Doch die hervortretende Ära der Organotherapie, bei welcher menschliches und tierisches Gewebe zur Krankheitsbehandlung eingesetzt wird und dessen Anwendung auf die Bauchspeicheldrüse liessen Pflügers Erkenntnisse in den Hintergrund rücken. Das Ziel sollte es sein das Sekret, welches sich in der Bauchspeicheldrüse befindet zu entnehmen und in der Therapie von Diabetespatienten einzusetzen. Banting und Best gelang dies Jahre später und sie nannten das Sekret Insulin (Vgl. Peters et. al., 2011, S.119-130). Die Bauchspeicheldrüsen von Schweinen und Rindern dienten, im Rahmen von Industrieverfahren, in den kommenden Jahren als Spender großer Mengen von Insulin zu Therapiezwecken. Pflügers Ideen waren bereits gänzlich in Vergessenheit geraten.

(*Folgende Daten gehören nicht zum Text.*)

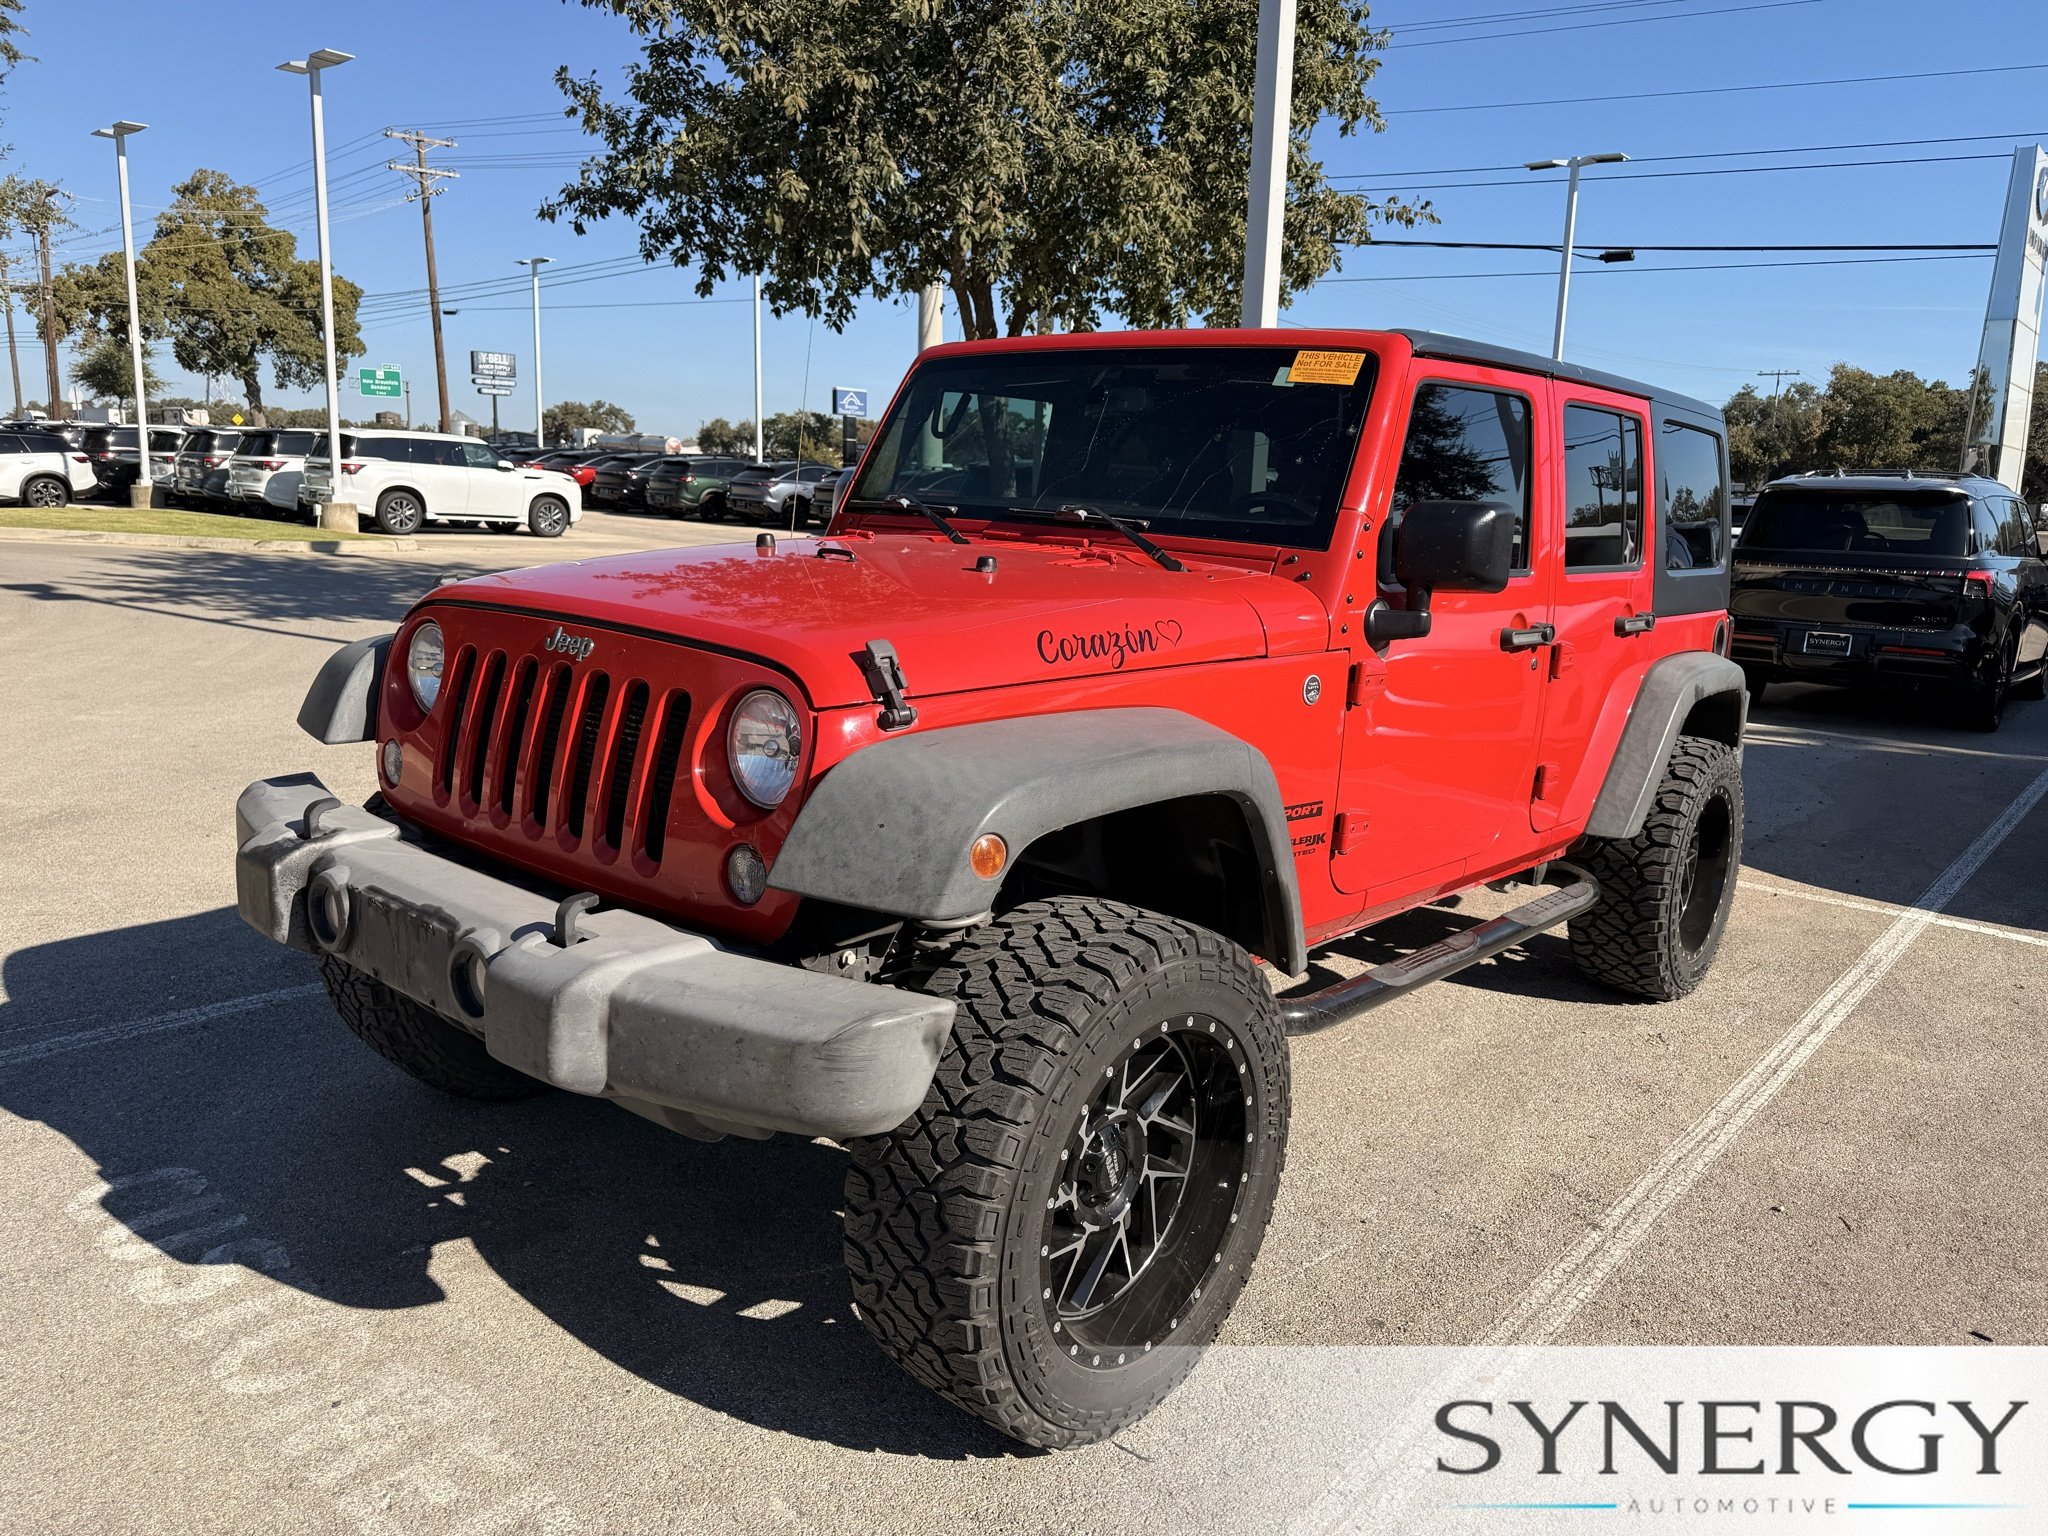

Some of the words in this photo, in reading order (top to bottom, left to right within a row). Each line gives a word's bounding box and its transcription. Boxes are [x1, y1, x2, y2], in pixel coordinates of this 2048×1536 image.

Heute zeigt sich in Deutschland folgende Situation. Jedes Jahr erkrankt rund eine halbe Million Menschen allein in Deutschland an Diabetes. Insbesondere die Neuerkrankungen des Diabetes mellitus Typ 2 zeigt mit den Jahren eine erhöhte Prävalenz (Vgl. Zylka-Menhorn, 2017, S.748). Die Zukunftsprognose zeigt eine deutliche Zunahme der Krankheitslast.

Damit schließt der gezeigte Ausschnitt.